Non-Quantization Integer Research: Quantization is not the only place where integer arithmetic optimizations can be used in AI engines. A list of AI other optimization techniques that involve integer arithmetic includes:

  • Bitshift-add networks
  • Add-as-integer networks
  • Bitwise neural networks
  • Weightless Neural Networks (WNNs)
  • XNOR networks (see also binary quantization)

Research papers on end-to-end integer networks:

  1. J Zhong, Z Liu, X Chen, Apr 2023, Transformer-based models and hardware acceleration analysis in autonomous driving: A survey, https://arxiv.org/abs/2304.10891 (Mainly focused on 8-bit integer arithmetic for machine vision Transformers.)

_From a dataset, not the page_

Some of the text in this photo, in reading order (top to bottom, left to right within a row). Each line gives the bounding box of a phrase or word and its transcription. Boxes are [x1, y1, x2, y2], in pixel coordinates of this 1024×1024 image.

  2. Zhewei Yao, Zhen Dong, Zhangcheng Zheng, Amir Gholami, Jiali Yu, Eric Tan, Leyuan Wang, Qijing Huang, Yida Wang, Michael Mahoney, Kurt Keutzer, 2021, HAWQ-V3: Dyadic Neural Network Quantization, Proceedings of the 38th International Conference on Machine Learning, PMLR 139:11875-11886, 2021, https://arxiv.org/abs/2011.10680 (Integers only in quantized weights and activations with INT4 or INT8, but also uses integers for batch normalization and residual connection components, too.)

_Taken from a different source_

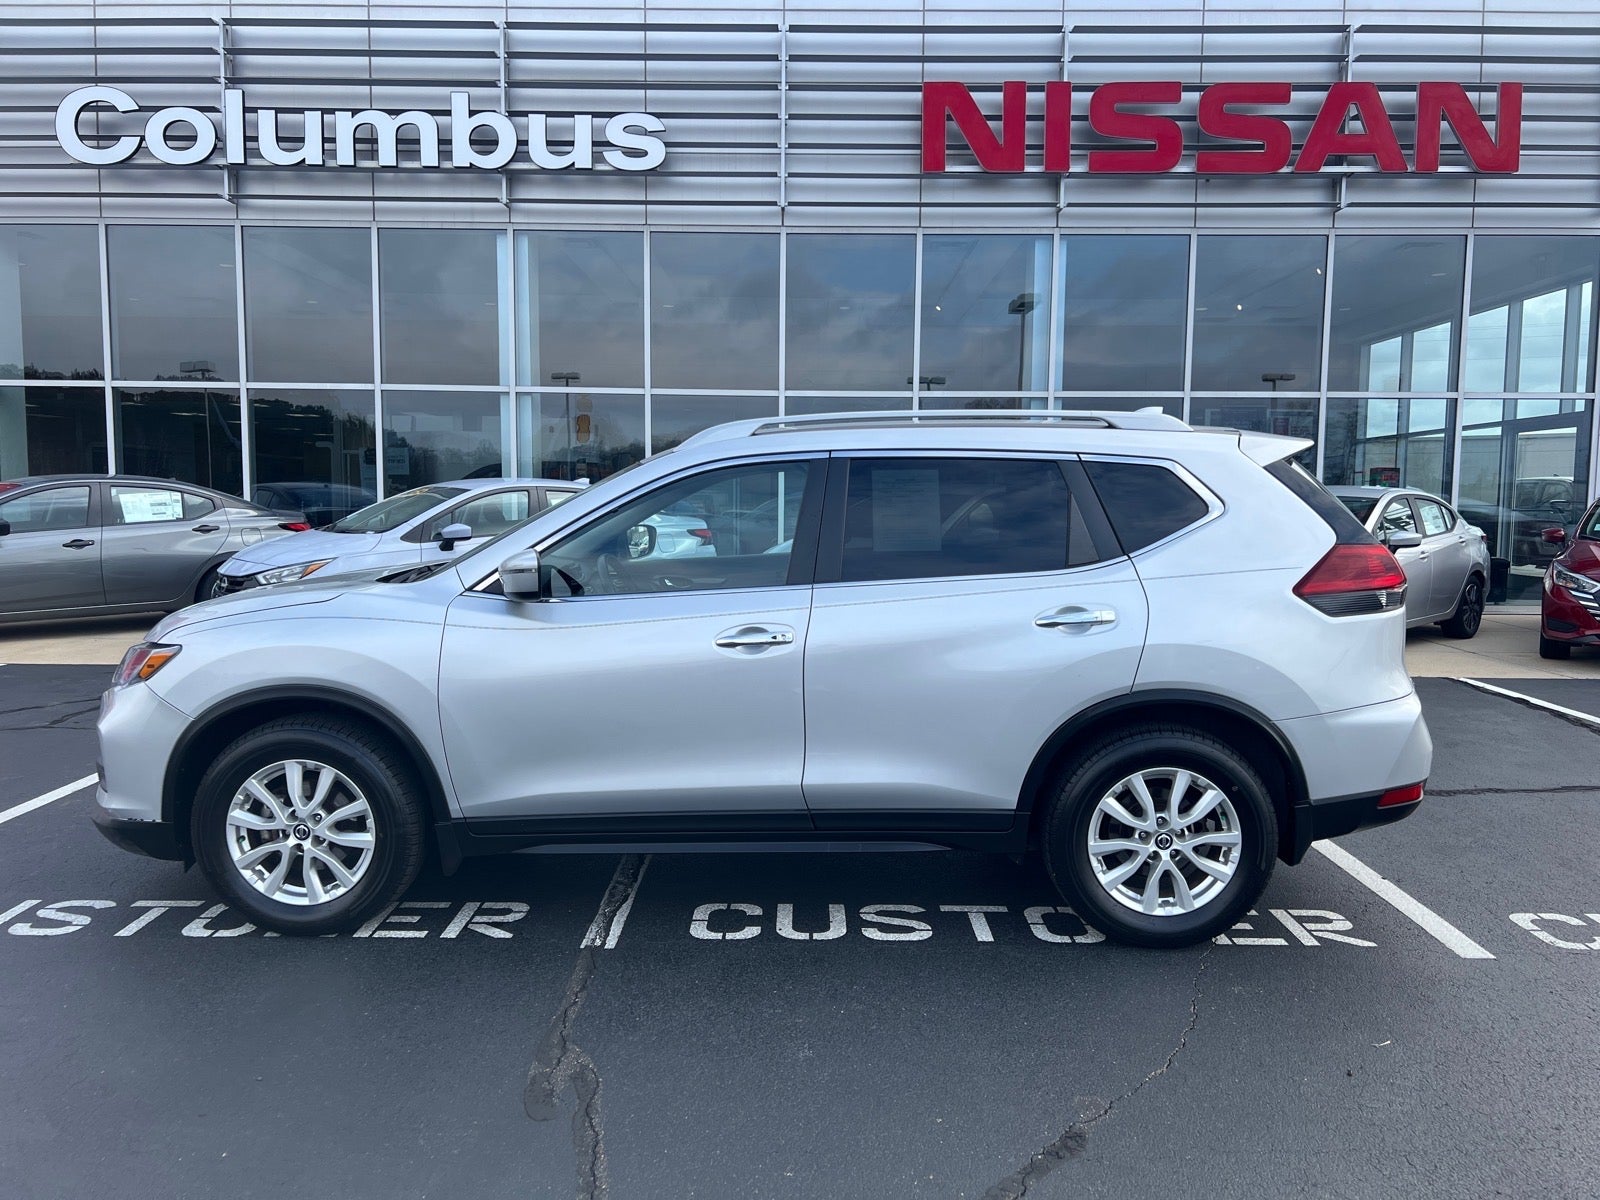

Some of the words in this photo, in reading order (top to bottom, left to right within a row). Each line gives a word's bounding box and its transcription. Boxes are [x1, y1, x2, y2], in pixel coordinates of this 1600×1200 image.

[55, 85, 666, 171] Columbus
[921, 80, 1524, 174] NISSAN
[0, 899, 530, 938] STOER
[690, 903, 1378, 946] CUSTOER

  3. Y. Lin, Y. Li, T. Liu et al., 2020, Towards fully 8-bit integer inference for the transformer model, in Proc. of IJCAI, 2020, pp. 3759–3765. https://arxiv.org/abs/2009.08034 (Integers for weights, but also for Softmax, layer normalization, and other components, by replacing or approximating non-linear functions such as exponential and square-root.)
  4. Peng Peng, Mingyu You, Weisheng Xu, and Jiaxin Li. 2021, Fully integer-based quantization for mobile convolutional neural network inference, Neurocomputing, 432:194–205, 2021, https://www.sciencedirect.com/science/article/abs/pii/S0925231220319354 (Quantizes with INT4, but not only weights, but also has integer batch normalization.)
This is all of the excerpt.